Anna ran with the treasure, down the hill, past Grandma Thomas’ cottage, past the pigs and goats, back past the orchard, waved to Farmer Thomas on his tractor at the gate and came to the garden gate of her family’s home.
Through the gate she went, and straight into the kitchen where she found mother. “Mumma, Mumma” said Anna
“I think I found the house” she cried, quite out of breath from all her running!
“Let me see” said mother kindly.
“Hmmmm…. It’s a little round house that you’ve seen before,
It has a chimney this big, and no more,
It has no windows, it has no doors….
(mother ‘looks’ all around apple)
Do you think there’s a star inside?” asked her mother.

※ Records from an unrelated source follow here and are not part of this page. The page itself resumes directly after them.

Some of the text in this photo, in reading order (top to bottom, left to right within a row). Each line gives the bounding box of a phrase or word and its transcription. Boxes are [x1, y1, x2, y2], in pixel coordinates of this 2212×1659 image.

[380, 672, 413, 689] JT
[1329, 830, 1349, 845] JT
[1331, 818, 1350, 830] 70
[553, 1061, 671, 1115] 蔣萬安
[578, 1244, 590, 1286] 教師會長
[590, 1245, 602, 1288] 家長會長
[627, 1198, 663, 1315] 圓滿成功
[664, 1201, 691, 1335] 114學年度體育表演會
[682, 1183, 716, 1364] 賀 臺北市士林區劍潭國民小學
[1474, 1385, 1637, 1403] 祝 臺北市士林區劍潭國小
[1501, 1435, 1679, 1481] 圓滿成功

“I don’t know” said Anna. Mother went to the kitchen draw and took out her knife. She carefully cut the apple in half around the middle and then she opened it up. Would you believe it, but there in the middle was two perfect stars shining back at them.
Anna’s face was wide with excitement “It does, it does!” said Anna.
Anna and her mother sat and ate one half of the apple each, being careful to nibble around the star and keep the little baby star safe in it’s little apple cradle.
“Do you know” said mother, “that if we put these on the window sill tonight,
then when the stars shine bright tonight, they may just come down and pick up these two new baby stars to shine bright in the night sky above.”
Anna liked the idea of helping the sky be filled with more beautiful stars, so
she put her apple star onto the window sill to await the magic that night.
And in the evening, once the family was tucked up tight in bed, the stars did come to collect those two new baby stars. They picked them up 1 – 2
(make a gentle little ‘throwing up’ gesture with your thumb, pointer and
middle finger grouped together).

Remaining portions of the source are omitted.